During his time in office, Musk oversaw sweeping layoffs and programme cancellations, claiming $160 billion in savings. However, independent estimates suggested these cuts could cost taxpayers $135 billion in the near term and delivered little towards Musk’s ambitious $2 trillion annual savings target. Legal challenges and political opposition further hindered progress. As seen in the UK under Rachel Reeves, the US has discovered that spending is politically easier than delivering cuts.

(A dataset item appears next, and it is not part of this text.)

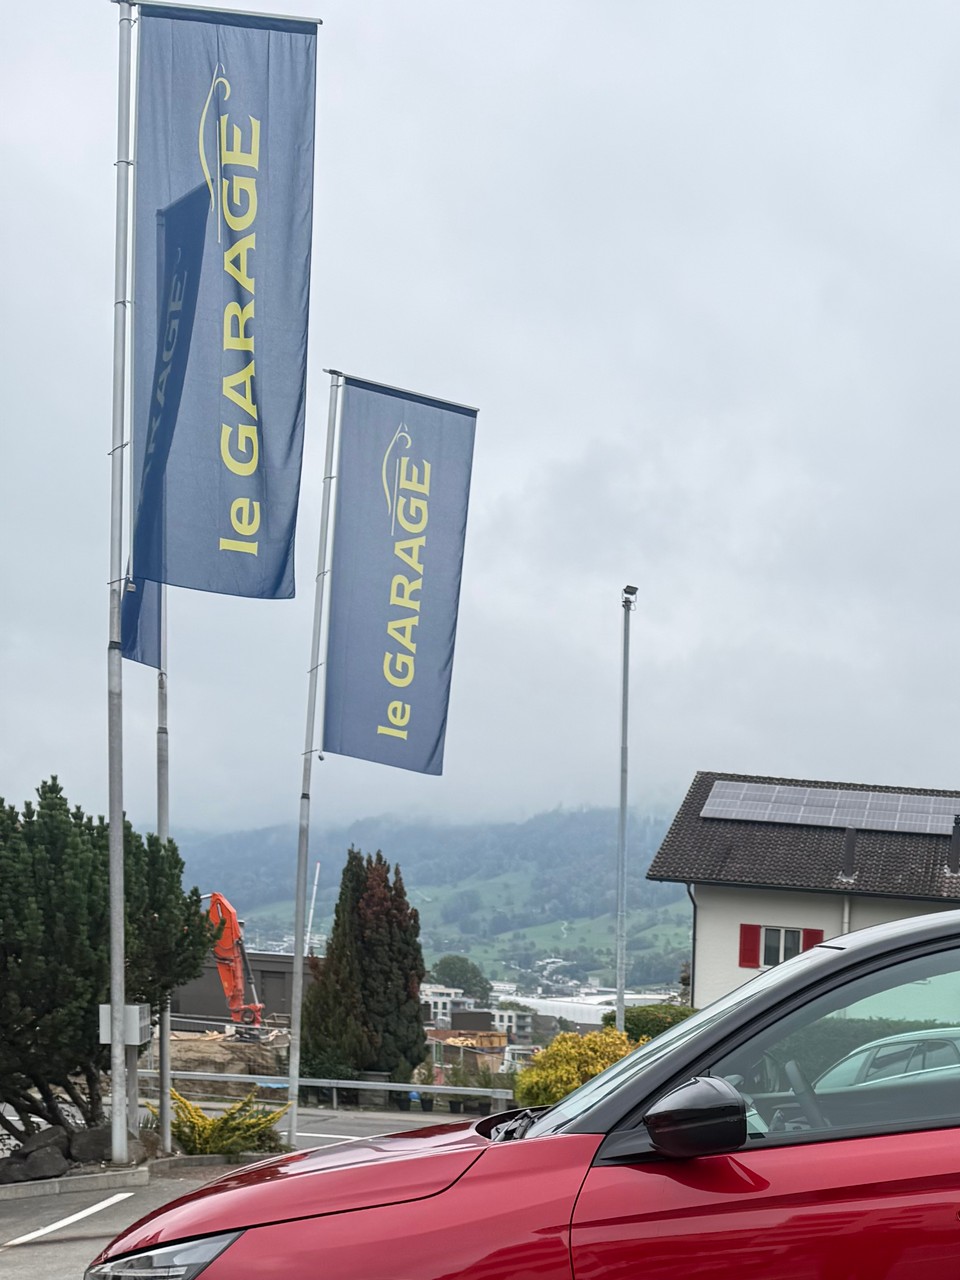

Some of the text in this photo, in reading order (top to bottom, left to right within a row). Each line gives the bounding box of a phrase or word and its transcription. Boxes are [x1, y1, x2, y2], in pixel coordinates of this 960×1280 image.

[219, 114, 261, 556] le GARAGE
[376, 456, 432, 740] le GARAGE

Musk’s appointment also coincided with marked volatility in Tesla’s share price. The stock initially rallied on hopes of favourable policy alignment, particularly after Trump publicly endorsed the company, appeared with a newly purchased Tesla, and announced a federal order for armoured vehicles. Shareholder confidence began to erode as concerns mounted over Musk’s divided focus and the perception that Tesla was being drawn into partisan politics. Operational issues at the company added to investor unease, while international backlash against US policy saw Tesla’s global sales slow. By the time Musk’s tenure at DOGE ended, Tesla’s share price had given up most of its earlier gains.
Though Musk’s government role ended in failure, the return to expansionary fiscal policy is significant. It should benefit US equities and stores of value, while reinforcing negative pressure on bonds as deficits widen.